Short Takes: June 6, 2003
Networks Were Silent On FCC Story
BY BRIAN LAMBERT
St Paul Pioneer Press

With the mainstream media finally reporting on - and therefore the public paying attention to - the FCC's latest deregulation giveaway, the fight to do something about media oligopolies is just now beginning.

Fundamentally, the problem with telling the FCC story is that the average person has a hard time relating to it. It is abstract and bureaucratic. There are no pictures. There is no "Laci hook." No corpse. No sex. No philandering spouse. Nothing resembling anything we watch for entertainment at the movies or on primetime TV. The supermarket tabloids wouldn't touch it if Whitney Houston, Demi Moore, Bill Clinton, Oprah and Brad Pitt keeled over dead tomorrow.

Moreover, the argument that this society's airwaves and pipelines of information are a unique resource and should be treated differently than other businesses sounds like dreamy-eyed hippie talk.

Those are some of the principal excuses the national news organizations have used to explain why they reported so little about the FCC vote prior to the 11th hour in late May and early June.

A Nexis news database search showed that as of May 20, less than two weeks prior to the vote, neither Viacom-owned CBS or GE-owned NBC had said anything in their respective evening newscasts about the rules changes, changes for which both companies had been vigorously and expensively lobbying Congress and the FCC. Disney-owned ABC did two pieces in mid-May.

With the vote nearing, "Nightline" did a full edition on the possible impact of the vote, although it is interesting to note that FCC chairman Michael Powell bailed on Ted Koppel at the last moment.

The paucity of coverage of this issue, something that will directly effect every American virtually every minute of their lives, illuminates what may be critics' primary concern, namely lack of diversity of information.

Powell and the FCC's pro-deregulation benefactors -Viacom, GE, Disney, NewsCorp, Gannett, etc. - have argued that further deregulation will guarantee more and more vibrant competitiveness and diversity in American media. In this context, "diversity" does not necessarily refer to racial and ethnic groups, although Powell, who is African-American, has from time to time played that card, suggesting that this expansion of a handful of media giants will allow the giants to program more channels for minorities.

Powell's critics have practically gagged on that one.

The Hmong Small Business Alliance has about as much chance of being represented on an expanded GE/NBC as I do of touring with 50 Cent and Jay-Z.

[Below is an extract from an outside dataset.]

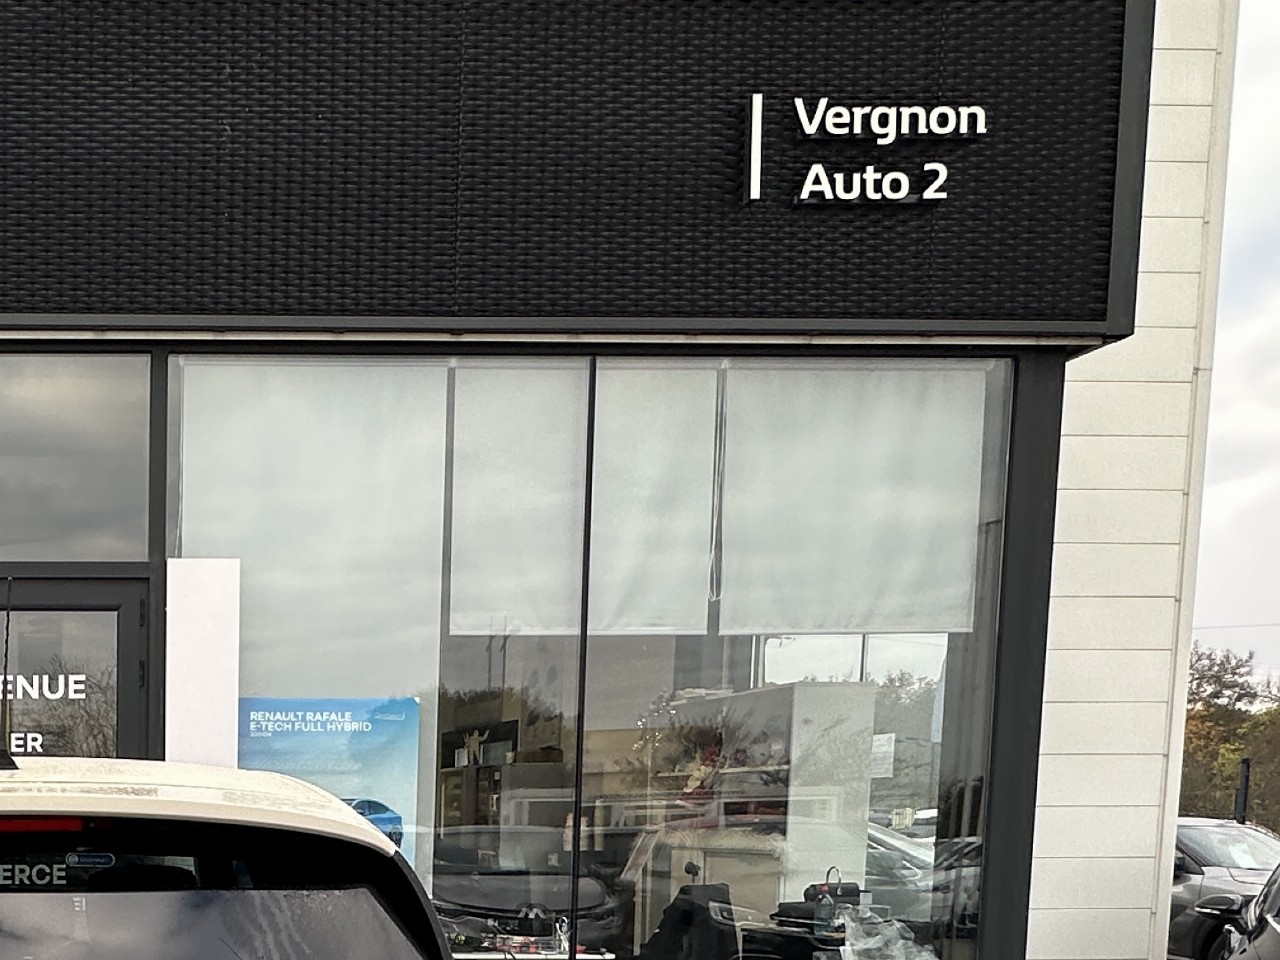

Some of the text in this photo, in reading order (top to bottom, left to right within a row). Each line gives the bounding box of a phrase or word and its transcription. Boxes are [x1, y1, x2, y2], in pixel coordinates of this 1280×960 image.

[793, 97, 988, 146] Vergnon
[799, 162, 949, 201] Auto 2
[249, 711, 352, 722] RENAULT RAFALE
[249, 721, 372, 732] E-TECH FULL HYBRID

What is really meant by "diversity" in FCC-speak is a variety of voices supply a variety of opinions and information. (Monotonously similar entertainment programming is a separate but fundamentally similar issue.) "Diversity" of course is precisely what we don't get now. Essentially every news organization competes to report/sell the same "irresistible" story. Hence, wall-to-wall, 24/7 OJ/Di/Monica/Chandra/Laci. Stories viewers can "relate to." But next to nothing about something with the cultural and possible economic impact of the FCC deregulation vote. Powell and his two fellow pro-deregulation commissioners bought the mega-media view that the public airwaves are a commodity, not appreciably different than beer, shampoo and pickup trucks, and therefore entitled the same full, free-market pass to maximize profit.

But Monday's vote and the last-minute/post-facto publicity it got has given impetus to Sen. John McCain's Senate Commerce Committee, which might be able to stifle, if not roll back, what the FCC has done. McCain, usually a pro-deregulation guy, is not pleased with what has just gone down. But it is ranking Democrat Fritz Hollings of South Carolina who put it most bluntly, telling the Washington Post that Powell has been engaged in "spin and fraud" and that under him, the FCC has become "an instrument of corporate greed."